Leopold dashes his finger between his eyes until his hand drops like a hero shot in the shoulder. He falls still, unblinking. Immaculata kneels below him. Patiently, she waits for him to wake. Instead, he grows, like Immaculata, uncomfortably tall. He fills out the black leather jacket. They appear to be the twins now, the pale twins, she and Leopold, frail and beautiful lines drawn against the hard surfaces of the world. Set there to be pawed by time. Set there with their white eyelashes.  

“You should stay here Immaculata.” Insects cresting under our feet, the weeds climb up around us.

“Yes,” she nods, “I should. With Leopold.” The way she says “Leopold” makes his name longer than it is. Her calling has announced itself. Saints tend to arrive at their postings with an ailment, a clubfoot, a cleft palate, a hole in the heart. Not Immaculata. Sprouted in such a perfect place, our mother could not even name it. 
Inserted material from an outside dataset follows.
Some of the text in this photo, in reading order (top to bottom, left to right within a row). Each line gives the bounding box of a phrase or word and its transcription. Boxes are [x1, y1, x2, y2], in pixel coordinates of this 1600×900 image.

I give her the black suitcase. She insists on splitting the contents. I stuff my share of Mister Next Door’s trunk money into the bag of onions. Her hair, still a rope between us.  
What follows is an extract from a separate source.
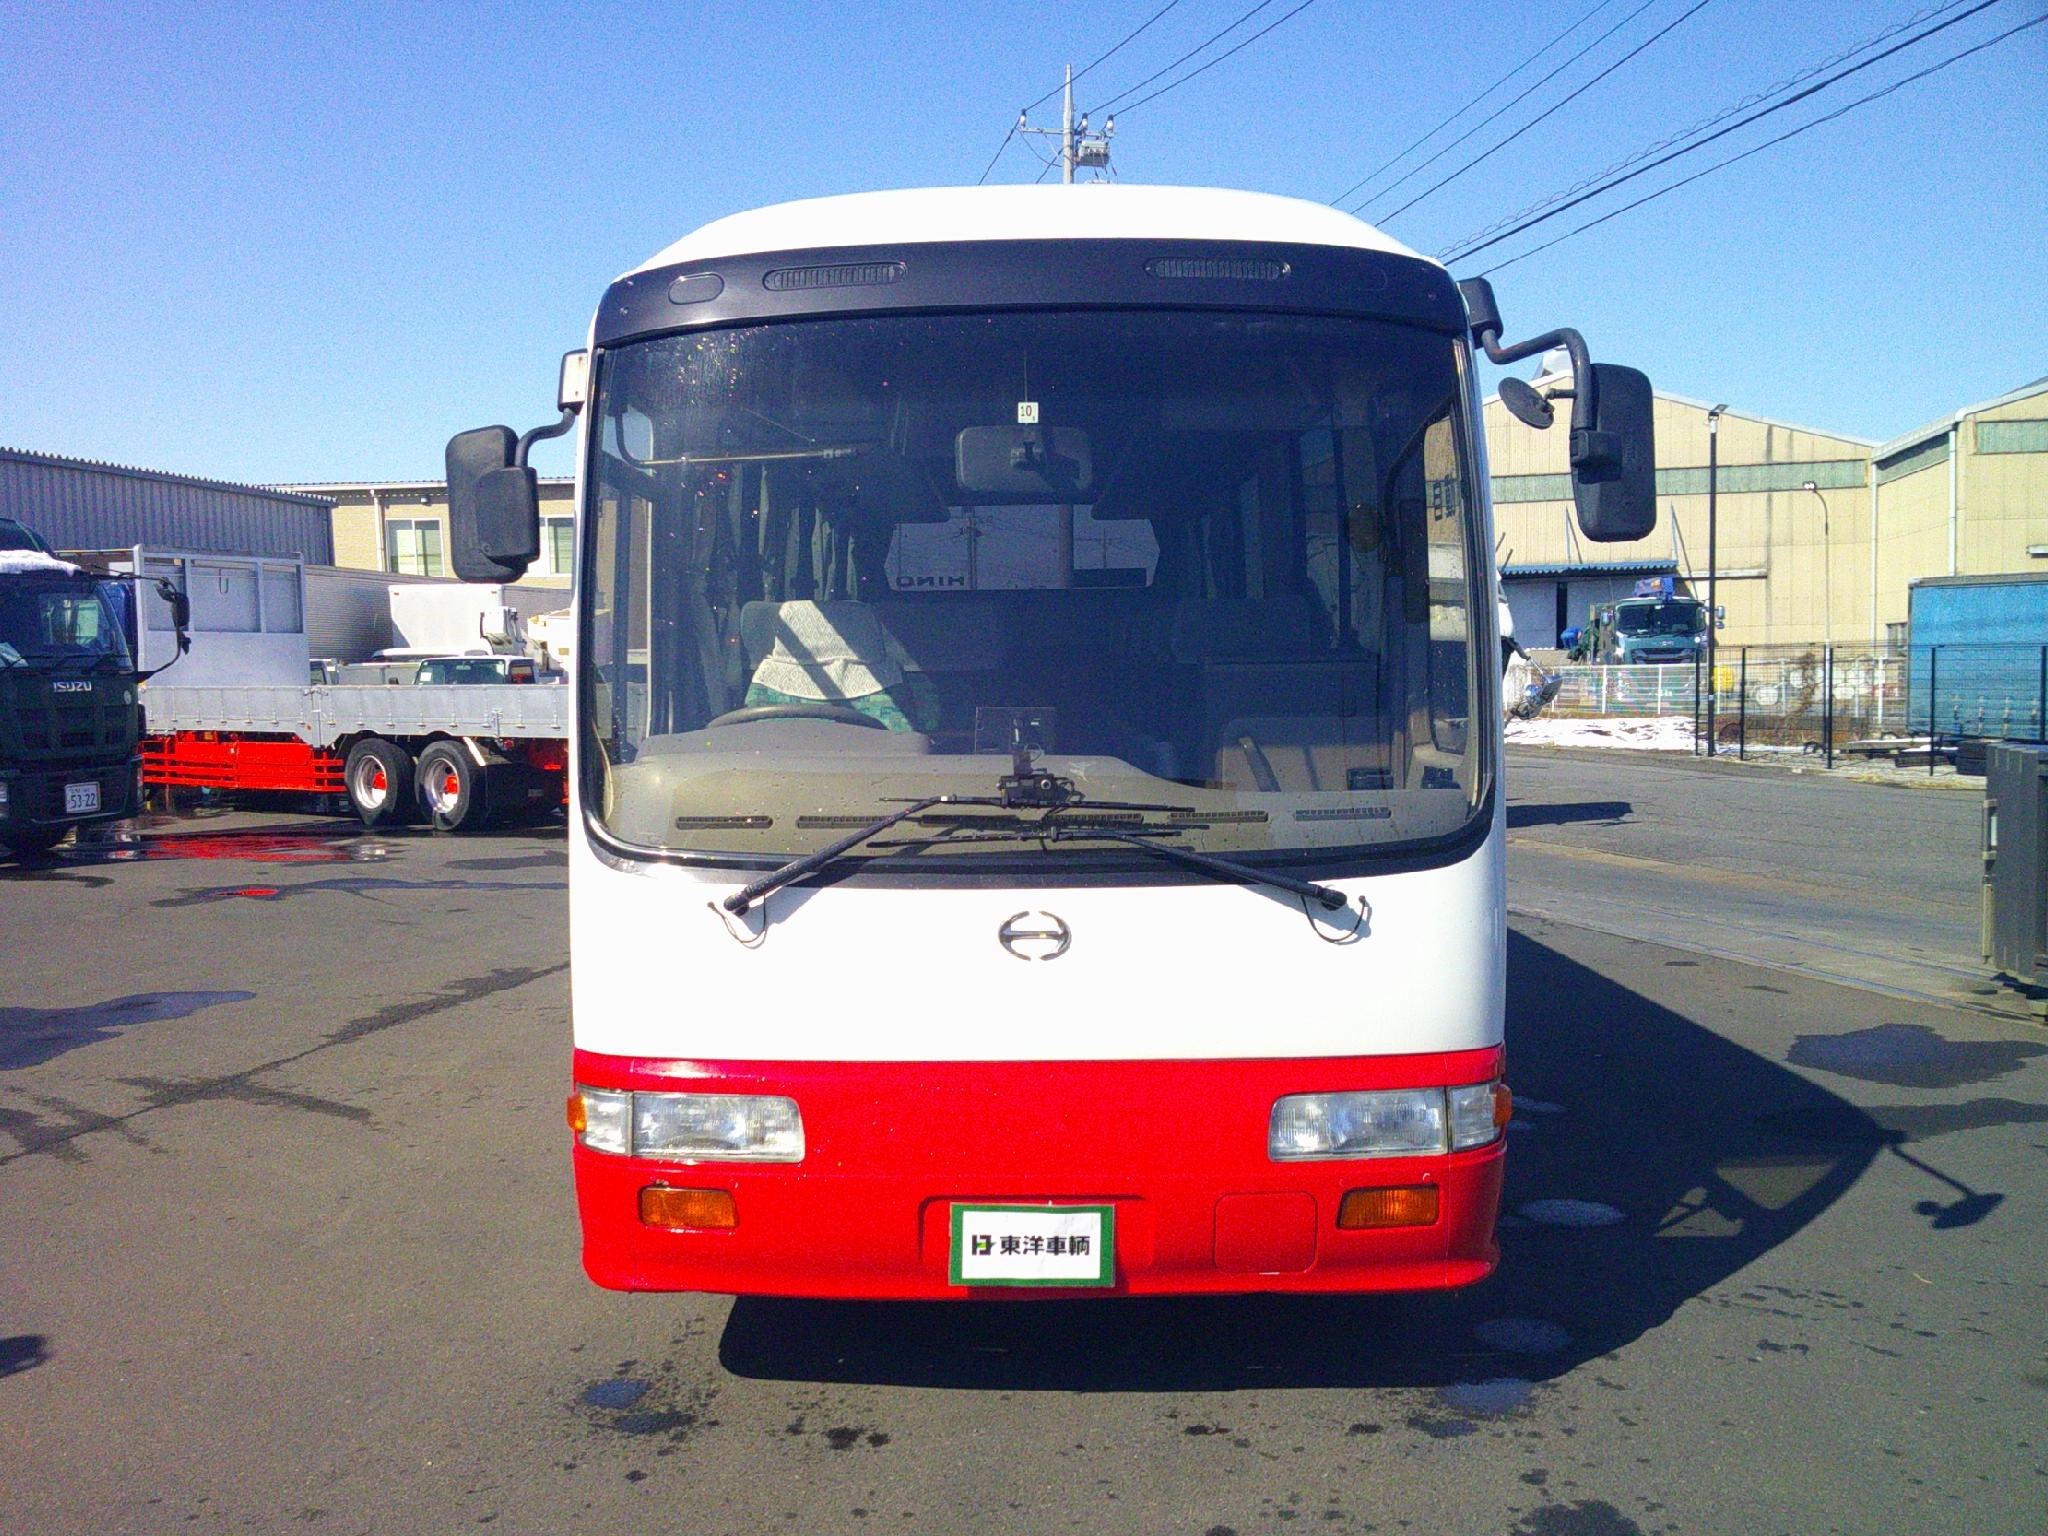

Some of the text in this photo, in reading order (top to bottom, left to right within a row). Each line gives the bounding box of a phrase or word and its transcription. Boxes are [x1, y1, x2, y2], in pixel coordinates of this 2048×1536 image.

Suddenly, Leopold’s face takes on the quality of a baby having a nightmare. Immaculata whistles him awake. He looks at her, so thankful. He looks at her and he thinks “forever” and he prays that she thinks it too. He prays that she will say it before he has to. Forever, I know, it is just too much of a risk to offer first.  

Leopold cannot cry. That is why he has so many onions. When he needed to cry to his mother, he would crawl under his bed with a butter knife and slice the onions open and gaze into them until they went watery. When you left, and he had to beg and bleed for days to attend your funeral, she caught him under his bed with the onions. That is why he had the surplus. You left just when he thought of asking you to teach him how to cry. He wanted his hurt to fit him the way it fit you. 
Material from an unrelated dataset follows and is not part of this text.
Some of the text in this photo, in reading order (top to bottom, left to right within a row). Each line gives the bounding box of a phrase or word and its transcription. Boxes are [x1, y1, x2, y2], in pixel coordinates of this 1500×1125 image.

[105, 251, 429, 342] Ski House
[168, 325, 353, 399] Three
Immaculata straightens the cuffs of my suit and runs her fingers down my face, a Braille she can read. We untwine her hair from my wrist. It leaves a red tangle. We hug, buoyant as ocean water, a love hurtling between us, indelible, my sister’s indelible imprint. Feeling the impermanence of all things, the spin of the earth, the pull of a gravity all my own, I move away. She leans into my ear, sugar breath, “Just don’t let it make you love differently.” I look at her bones. Archeologists will mull over them one day. Even as dust in their hands, they will be able to tell that she was beautiful, oppressively beautiful. This is how we lived, this is how we lived.  

Her step, suddenly a lope, she returns to Leopold and the dogs, the pine needles not breaking beneath her feet. Beside them, her face is a burning white candle.  

And then, the one word we never heard,

“Goodbye.”

“Goodbye.”

“Goodbye.”

We sew the moment up.  

“We’re orphans,” says Leopold.

“Not really,” I say.

“Think about it.”  

I do. Leopold stretches his arms and claps the air between them, breaking it.